"this 1280×1385 image." appears in one line of the records below. Output that line and each one after it, exactly, through the last line.

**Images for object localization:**
● ● ● ● ●

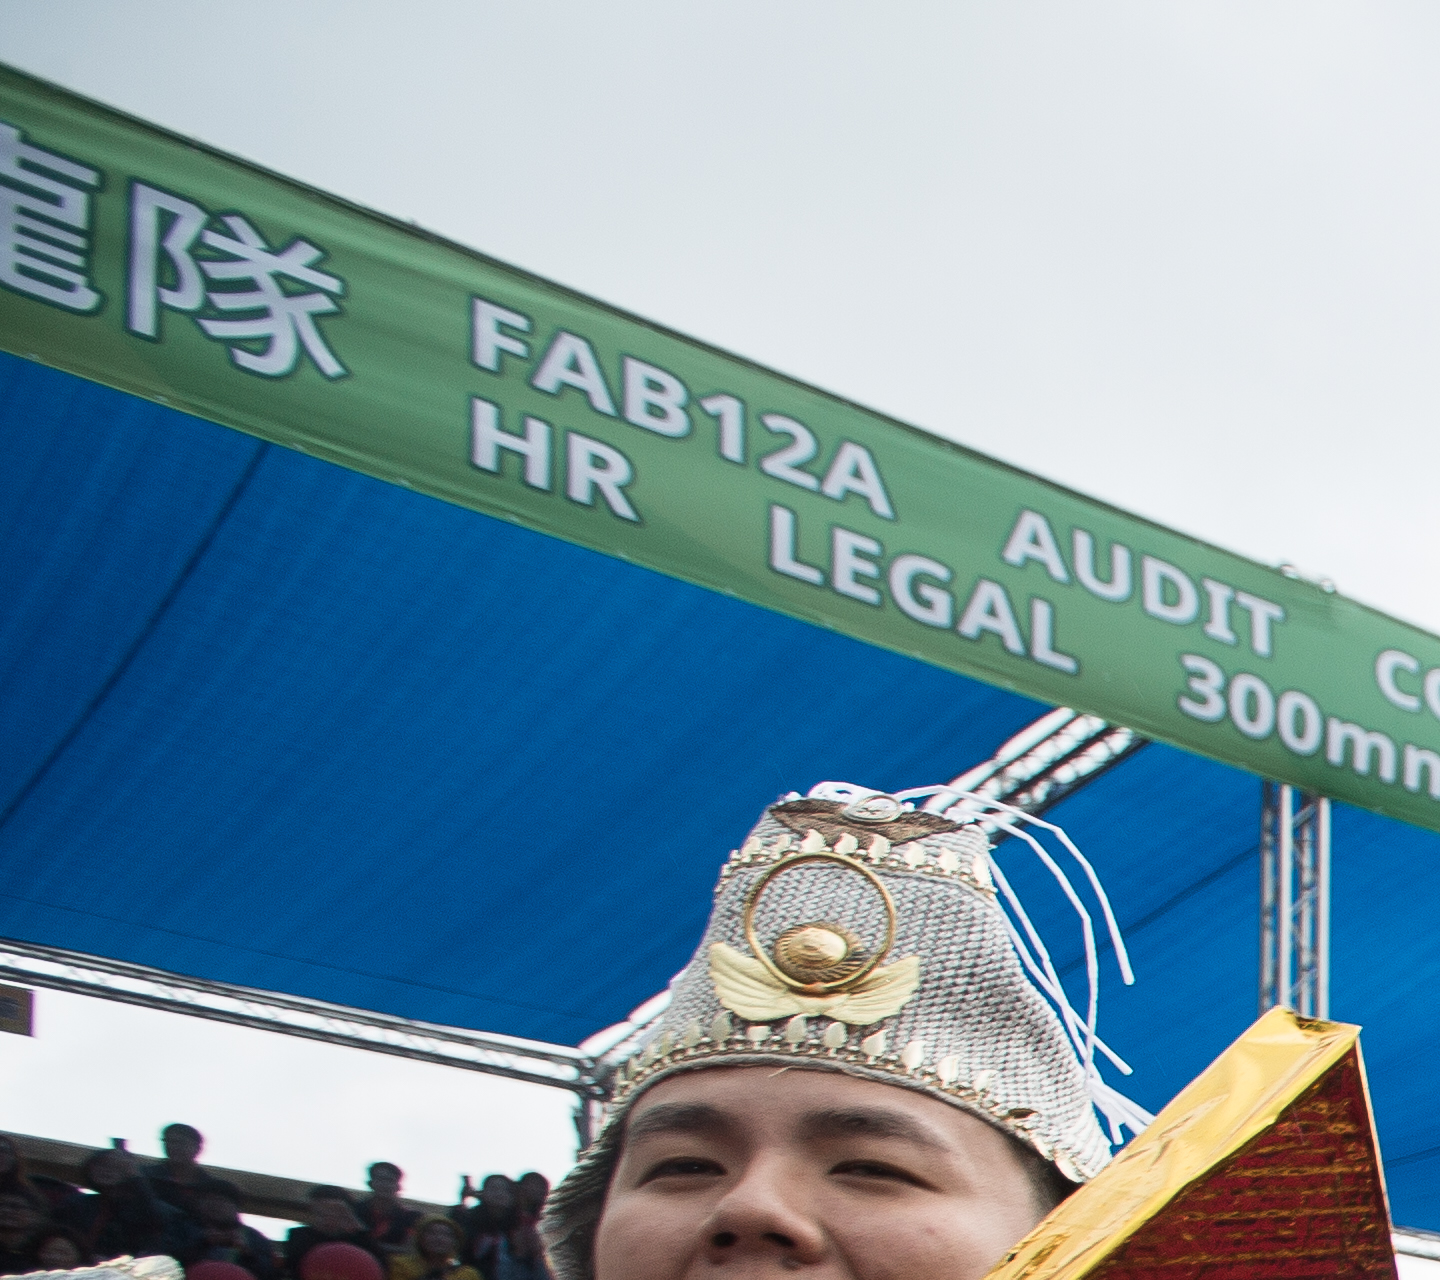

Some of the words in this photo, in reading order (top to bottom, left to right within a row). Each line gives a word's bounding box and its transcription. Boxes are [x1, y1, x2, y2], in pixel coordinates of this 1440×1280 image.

[468, 298, 896, 518] FAB12A
[1003, 510, 1284, 657] AUDIT
[469, 400, 642, 523] HR
[767, 504, 1078, 674] LEGAL
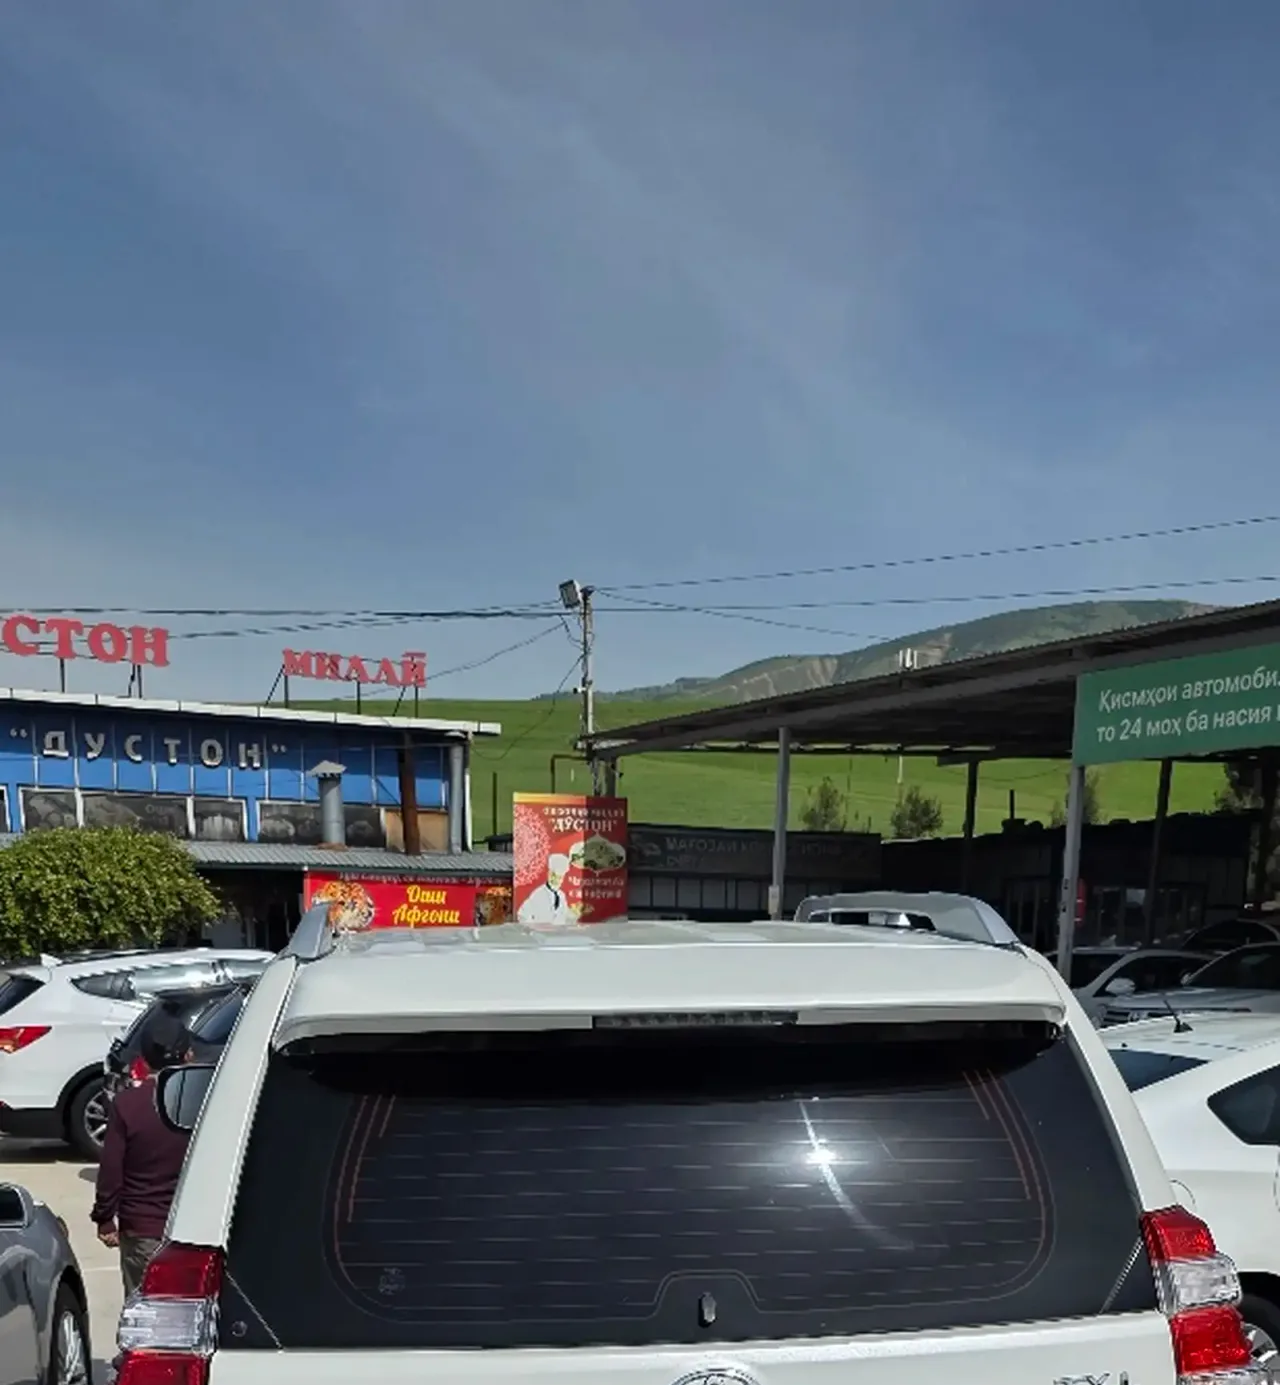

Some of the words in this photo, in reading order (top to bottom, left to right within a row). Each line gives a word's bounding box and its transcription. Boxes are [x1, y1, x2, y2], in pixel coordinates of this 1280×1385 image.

[1097, 725, 1116, 743] то
[1120, 717, 1142, 741] 24
[1146, 717, 1182, 737] моҳ
[1186, 709, 1209, 732] ба
[1212, 704, 1272, 730] насия

● ● ● ● ●

**Written answer:**
Some of the words in this photo, in reading order (top to bottom, left to right within a row). Each line gives a word's bounding box and its transcription. Boxes are [x1, y1, x2, y2], in pixel coordinates of this 1280×1385 image.

[1097, 725, 1116, 743] то
[1120, 717, 1142, 741] 24
[1146, 717, 1182, 737] моҳ
[1186, 709, 1209, 732] ба
[1212, 704, 1272, 730] насия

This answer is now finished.